(Task objective):
Each of the lines from the one that contains "this 1321×1298 image." to the end of the entries below should be output exactly.

Top of Data to process

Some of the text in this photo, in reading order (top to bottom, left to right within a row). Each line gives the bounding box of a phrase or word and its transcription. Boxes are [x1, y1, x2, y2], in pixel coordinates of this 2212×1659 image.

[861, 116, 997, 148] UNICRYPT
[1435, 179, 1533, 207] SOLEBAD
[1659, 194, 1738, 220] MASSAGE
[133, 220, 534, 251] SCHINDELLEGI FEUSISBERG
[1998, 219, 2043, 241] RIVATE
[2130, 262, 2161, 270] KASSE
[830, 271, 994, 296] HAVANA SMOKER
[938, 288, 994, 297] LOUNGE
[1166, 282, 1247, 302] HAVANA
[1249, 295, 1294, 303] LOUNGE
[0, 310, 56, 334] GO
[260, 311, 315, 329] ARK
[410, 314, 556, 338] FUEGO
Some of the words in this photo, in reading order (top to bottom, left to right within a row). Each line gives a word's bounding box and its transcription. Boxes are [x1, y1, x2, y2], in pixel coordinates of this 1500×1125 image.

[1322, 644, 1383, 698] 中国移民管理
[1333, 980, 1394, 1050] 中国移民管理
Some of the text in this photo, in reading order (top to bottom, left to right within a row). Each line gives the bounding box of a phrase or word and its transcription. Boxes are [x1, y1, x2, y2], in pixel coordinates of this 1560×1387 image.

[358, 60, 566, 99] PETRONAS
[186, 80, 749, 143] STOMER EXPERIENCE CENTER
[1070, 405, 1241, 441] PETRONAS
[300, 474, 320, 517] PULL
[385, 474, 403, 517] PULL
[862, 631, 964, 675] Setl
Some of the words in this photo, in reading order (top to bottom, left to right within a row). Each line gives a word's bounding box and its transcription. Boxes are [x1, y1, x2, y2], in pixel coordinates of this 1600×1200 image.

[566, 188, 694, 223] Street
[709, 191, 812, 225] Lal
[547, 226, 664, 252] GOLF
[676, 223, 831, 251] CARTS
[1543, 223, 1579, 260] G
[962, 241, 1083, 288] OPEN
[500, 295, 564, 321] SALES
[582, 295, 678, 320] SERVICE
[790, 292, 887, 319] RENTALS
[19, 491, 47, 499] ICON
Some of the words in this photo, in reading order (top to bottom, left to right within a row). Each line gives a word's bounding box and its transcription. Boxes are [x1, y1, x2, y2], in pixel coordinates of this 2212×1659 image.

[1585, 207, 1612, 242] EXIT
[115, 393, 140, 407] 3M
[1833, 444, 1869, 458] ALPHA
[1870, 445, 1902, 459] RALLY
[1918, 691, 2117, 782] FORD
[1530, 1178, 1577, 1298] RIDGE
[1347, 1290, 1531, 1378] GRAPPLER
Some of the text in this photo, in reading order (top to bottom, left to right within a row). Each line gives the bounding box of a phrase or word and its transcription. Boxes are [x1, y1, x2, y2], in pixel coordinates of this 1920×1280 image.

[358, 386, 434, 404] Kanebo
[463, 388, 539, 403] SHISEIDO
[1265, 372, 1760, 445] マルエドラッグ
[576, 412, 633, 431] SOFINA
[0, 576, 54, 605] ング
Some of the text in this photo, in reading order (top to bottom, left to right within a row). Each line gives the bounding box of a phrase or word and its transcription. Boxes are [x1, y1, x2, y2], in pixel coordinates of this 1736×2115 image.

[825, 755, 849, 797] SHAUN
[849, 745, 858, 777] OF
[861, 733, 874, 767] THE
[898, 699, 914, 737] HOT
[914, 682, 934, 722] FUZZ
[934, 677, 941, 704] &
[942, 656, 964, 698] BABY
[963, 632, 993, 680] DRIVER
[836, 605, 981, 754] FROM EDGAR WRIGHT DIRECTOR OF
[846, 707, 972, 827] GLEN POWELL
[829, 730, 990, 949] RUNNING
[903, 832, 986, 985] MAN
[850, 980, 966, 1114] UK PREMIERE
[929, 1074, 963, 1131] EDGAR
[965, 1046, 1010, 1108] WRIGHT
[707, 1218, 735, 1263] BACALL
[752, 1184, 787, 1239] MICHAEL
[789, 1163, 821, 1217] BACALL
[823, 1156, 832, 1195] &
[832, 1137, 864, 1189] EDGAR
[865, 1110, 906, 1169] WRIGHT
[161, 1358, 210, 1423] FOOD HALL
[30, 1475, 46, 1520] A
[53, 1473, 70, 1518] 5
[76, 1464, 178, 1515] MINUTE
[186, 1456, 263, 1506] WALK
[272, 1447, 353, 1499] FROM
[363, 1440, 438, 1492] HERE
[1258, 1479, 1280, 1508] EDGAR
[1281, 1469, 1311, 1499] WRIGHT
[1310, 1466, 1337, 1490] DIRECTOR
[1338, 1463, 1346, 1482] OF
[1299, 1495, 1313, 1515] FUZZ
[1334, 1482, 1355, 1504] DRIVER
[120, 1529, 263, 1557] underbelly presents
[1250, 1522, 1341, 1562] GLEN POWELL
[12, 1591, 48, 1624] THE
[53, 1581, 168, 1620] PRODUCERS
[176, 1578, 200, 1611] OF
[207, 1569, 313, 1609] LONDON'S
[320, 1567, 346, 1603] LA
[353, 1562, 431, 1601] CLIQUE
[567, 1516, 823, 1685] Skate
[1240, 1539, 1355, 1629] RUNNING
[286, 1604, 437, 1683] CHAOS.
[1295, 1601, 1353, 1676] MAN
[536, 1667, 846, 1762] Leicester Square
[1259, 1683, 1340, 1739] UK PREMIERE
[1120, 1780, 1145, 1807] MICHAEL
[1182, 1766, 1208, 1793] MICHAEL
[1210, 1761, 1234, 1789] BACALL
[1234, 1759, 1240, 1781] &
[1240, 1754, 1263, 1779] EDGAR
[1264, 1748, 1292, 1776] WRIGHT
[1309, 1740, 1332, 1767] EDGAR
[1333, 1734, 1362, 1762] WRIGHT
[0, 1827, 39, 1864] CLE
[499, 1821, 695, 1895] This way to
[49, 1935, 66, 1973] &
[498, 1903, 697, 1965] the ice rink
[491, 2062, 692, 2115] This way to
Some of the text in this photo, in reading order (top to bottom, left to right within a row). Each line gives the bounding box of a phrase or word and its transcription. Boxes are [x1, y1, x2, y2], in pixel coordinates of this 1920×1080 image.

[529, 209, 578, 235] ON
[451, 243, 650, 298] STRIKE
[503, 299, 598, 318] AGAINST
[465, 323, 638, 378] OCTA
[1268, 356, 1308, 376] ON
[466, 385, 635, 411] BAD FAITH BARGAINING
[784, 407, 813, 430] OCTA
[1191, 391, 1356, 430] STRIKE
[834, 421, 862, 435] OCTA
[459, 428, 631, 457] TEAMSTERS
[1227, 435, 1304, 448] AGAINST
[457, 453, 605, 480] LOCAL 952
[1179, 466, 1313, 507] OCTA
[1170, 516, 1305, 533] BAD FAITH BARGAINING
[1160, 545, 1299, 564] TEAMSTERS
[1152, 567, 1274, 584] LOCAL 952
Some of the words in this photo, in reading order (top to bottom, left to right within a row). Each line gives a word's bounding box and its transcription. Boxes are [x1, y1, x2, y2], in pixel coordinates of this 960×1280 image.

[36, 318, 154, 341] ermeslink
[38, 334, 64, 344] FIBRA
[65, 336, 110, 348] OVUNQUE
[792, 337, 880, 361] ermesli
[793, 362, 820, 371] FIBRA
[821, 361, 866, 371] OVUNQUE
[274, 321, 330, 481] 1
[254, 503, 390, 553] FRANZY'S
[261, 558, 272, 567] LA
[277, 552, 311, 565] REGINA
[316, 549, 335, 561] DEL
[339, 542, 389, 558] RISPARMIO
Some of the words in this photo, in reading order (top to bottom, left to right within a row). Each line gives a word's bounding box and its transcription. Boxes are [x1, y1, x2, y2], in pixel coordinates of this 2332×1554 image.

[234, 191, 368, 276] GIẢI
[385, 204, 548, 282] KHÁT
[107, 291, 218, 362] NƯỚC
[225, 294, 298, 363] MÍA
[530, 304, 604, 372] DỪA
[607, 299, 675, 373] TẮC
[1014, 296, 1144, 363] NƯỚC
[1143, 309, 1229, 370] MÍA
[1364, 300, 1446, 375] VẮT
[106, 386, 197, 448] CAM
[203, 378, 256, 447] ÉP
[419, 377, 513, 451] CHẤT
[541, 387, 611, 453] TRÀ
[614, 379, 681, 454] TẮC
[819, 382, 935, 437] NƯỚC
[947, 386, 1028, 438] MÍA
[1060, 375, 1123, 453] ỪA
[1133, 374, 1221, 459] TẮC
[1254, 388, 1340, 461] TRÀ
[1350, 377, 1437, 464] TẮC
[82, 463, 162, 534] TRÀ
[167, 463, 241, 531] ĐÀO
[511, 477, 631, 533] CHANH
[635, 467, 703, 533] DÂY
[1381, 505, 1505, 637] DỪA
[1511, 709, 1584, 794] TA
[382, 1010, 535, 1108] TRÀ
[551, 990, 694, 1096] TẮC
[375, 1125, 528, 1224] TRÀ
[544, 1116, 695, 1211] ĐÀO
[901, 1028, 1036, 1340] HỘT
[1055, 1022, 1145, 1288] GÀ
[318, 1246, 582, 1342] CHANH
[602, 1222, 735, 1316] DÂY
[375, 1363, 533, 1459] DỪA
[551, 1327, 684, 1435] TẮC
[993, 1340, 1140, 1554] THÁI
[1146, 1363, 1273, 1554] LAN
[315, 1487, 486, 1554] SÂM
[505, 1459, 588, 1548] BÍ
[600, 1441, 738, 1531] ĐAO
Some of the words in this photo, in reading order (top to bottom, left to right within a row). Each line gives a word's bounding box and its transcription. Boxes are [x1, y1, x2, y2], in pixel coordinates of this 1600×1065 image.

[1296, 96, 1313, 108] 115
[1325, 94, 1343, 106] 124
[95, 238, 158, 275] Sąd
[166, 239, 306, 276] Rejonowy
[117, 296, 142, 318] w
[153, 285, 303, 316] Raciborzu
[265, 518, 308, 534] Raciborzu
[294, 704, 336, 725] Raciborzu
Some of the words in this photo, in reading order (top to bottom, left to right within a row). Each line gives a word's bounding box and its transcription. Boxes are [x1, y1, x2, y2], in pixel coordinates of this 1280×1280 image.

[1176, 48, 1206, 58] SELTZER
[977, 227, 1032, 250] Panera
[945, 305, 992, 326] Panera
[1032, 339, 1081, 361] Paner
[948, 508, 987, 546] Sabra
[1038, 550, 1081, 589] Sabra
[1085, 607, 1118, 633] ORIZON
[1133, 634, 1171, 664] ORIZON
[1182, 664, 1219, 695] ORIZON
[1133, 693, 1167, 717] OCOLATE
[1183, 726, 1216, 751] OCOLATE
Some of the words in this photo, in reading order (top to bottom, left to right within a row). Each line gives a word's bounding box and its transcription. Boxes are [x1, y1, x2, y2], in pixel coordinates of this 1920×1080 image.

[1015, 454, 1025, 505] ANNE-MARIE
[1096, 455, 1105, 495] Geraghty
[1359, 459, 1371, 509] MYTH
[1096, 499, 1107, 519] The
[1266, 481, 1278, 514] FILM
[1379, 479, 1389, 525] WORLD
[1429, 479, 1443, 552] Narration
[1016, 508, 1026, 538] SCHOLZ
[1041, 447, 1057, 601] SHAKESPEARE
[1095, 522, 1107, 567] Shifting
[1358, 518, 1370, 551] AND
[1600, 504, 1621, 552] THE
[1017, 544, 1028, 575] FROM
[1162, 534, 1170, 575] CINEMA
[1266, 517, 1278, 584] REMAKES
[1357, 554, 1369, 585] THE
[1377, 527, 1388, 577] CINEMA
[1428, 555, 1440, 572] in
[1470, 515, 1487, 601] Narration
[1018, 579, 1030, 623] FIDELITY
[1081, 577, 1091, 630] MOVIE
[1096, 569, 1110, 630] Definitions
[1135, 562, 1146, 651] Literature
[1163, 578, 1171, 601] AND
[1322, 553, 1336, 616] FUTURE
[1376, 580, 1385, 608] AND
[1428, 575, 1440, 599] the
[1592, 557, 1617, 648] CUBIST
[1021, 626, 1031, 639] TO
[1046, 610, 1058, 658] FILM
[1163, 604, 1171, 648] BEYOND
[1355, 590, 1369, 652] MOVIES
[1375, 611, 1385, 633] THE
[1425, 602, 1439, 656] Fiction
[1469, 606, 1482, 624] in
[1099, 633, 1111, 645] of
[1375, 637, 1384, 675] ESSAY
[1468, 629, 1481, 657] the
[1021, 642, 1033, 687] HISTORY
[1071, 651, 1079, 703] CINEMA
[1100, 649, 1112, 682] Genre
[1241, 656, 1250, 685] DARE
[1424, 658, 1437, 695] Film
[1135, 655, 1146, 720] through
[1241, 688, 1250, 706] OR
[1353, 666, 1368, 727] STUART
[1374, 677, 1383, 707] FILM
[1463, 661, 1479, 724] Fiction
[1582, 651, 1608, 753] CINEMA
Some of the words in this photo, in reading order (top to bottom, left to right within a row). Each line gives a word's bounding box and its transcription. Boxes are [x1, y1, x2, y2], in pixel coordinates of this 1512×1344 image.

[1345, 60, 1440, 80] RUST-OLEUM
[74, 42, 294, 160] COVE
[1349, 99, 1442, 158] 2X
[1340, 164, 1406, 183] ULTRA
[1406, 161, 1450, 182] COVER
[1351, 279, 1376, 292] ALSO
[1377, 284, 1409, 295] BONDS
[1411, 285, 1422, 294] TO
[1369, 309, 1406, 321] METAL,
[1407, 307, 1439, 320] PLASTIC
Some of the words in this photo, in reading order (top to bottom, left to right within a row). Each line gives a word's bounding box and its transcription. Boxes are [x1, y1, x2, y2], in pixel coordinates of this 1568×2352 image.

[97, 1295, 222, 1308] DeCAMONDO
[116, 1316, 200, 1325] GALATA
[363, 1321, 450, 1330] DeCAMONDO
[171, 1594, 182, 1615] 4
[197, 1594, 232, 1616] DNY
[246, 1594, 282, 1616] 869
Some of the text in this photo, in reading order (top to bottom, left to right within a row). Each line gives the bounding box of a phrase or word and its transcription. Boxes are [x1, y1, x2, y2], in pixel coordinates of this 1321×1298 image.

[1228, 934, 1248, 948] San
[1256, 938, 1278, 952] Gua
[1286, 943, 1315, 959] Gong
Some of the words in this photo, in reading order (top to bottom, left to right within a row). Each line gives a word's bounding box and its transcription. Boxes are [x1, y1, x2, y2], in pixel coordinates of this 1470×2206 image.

Bottom of Data to process

(Response area):
Some of the text in this photo, in reading order (top to bottom, left to right within a row). Each line gives the bounding box of a phrase or word and its transcription. Boxes are [x1, y1, x2, y2], in pixel coordinates of this 1321×1298 image.

[1228, 934, 1248, 948] San
[1256, 938, 1278, 952] Gua
[1286, 943, 1315, 959] Gong
Some of the words in this photo, in reading order (top to bottom, left to right within a row). Each line gives a word's bounding box and its transcription. Boxes are [x1, y1, x2, y2], in pixel coordinates of this 1470×2206 image.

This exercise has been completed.